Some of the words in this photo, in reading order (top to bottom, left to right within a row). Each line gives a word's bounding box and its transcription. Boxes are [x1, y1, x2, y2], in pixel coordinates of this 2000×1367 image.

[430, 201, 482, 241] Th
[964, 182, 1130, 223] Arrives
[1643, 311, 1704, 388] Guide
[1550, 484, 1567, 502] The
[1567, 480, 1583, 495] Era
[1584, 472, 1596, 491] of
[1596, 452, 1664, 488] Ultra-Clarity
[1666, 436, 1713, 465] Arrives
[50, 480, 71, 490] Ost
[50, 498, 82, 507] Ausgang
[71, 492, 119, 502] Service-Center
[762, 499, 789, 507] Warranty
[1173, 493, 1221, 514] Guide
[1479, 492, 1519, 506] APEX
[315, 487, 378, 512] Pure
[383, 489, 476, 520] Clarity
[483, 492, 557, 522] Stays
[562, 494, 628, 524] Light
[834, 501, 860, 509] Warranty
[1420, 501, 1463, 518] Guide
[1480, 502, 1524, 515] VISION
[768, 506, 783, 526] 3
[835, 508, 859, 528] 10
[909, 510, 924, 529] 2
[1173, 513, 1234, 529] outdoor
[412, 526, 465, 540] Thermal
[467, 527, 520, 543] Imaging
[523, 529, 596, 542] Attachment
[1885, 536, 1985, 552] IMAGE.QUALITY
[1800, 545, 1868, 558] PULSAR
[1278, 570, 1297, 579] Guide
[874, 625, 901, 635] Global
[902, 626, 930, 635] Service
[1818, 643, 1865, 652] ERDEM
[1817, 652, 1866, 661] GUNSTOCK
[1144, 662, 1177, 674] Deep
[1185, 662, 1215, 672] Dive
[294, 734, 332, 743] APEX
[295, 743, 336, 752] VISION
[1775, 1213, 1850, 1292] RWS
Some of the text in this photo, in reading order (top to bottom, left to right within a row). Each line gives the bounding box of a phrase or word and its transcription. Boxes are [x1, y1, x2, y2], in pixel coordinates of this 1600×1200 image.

WORK INSTRUCTIONS:
Output each line of the material above with no deviation.

OUTPUT FOR THIS EXERCISE:
Some of the words in this photo, in reading order (top to bottom, left to right within a row). Each line gives a word's bounding box and its transcription. Boxes are [x1, y1, x2, y2], in pixel coordinates of this 2000×1367 image.

[430, 201, 482, 241] Th
[964, 182, 1130, 223] Arrives
[1643, 311, 1704, 388] Guide
[1550, 484, 1567, 502] The
[1567, 480, 1583, 495] Era
[1584, 472, 1596, 491] of
[1596, 452, 1664, 488] Ultra-Clarity
[1666, 436, 1713, 465] Arrives
[50, 480, 71, 490] Ost
[50, 498, 82, 507] Ausgang
[71, 492, 119, 502] Service-Center
[762, 499, 789, 507] Warranty
[1173, 493, 1221, 514] Guide
[1479, 492, 1519, 506] APEX
[315, 487, 378, 512] Pure
[383, 489, 476, 520] Clarity
[483, 492, 557, 522] Stays
[562, 494, 628, 524] Light
[834, 501, 860, 509] Warranty
[1420, 501, 1463, 518] Guide
[1480, 502, 1524, 515] VISION
[768, 506, 783, 526] 3
[835, 508, 859, 528] 10
[909, 510, 924, 529] 2
[1173, 513, 1234, 529] outdoor
[412, 526, 465, 540] Thermal
[467, 527, 520, 543] Imaging
[523, 529, 596, 542] Attachment
[1885, 536, 1985, 552] IMAGE.QUALITY
[1800, 545, 1868, 558] PULSAR
[1278, 570, 1297, 579] Guide
[874, 625, 901, 635] Global
[902, 626, 930, 635] Service
[1818, 643, 1865, 652] ERDEM
[1817, 652, 1866, 661] GUNSTOCK
[1144, 662, 1177, 674] Deep
[1185, 662, 1215, 672] Dive
[294, 734, 332, 743] APEX
[295, 743, 336, 752] VISION
[1775, 1213, 1850, 1292] RWS
Some of the text in this photo, in reading order (top to bottom, left to right within a row). Each line gives the bounding box of a phrase or word and its transcription. Boxes are [x1, y1, x2, y2], in pixel coordinates of this 1600×1200 image.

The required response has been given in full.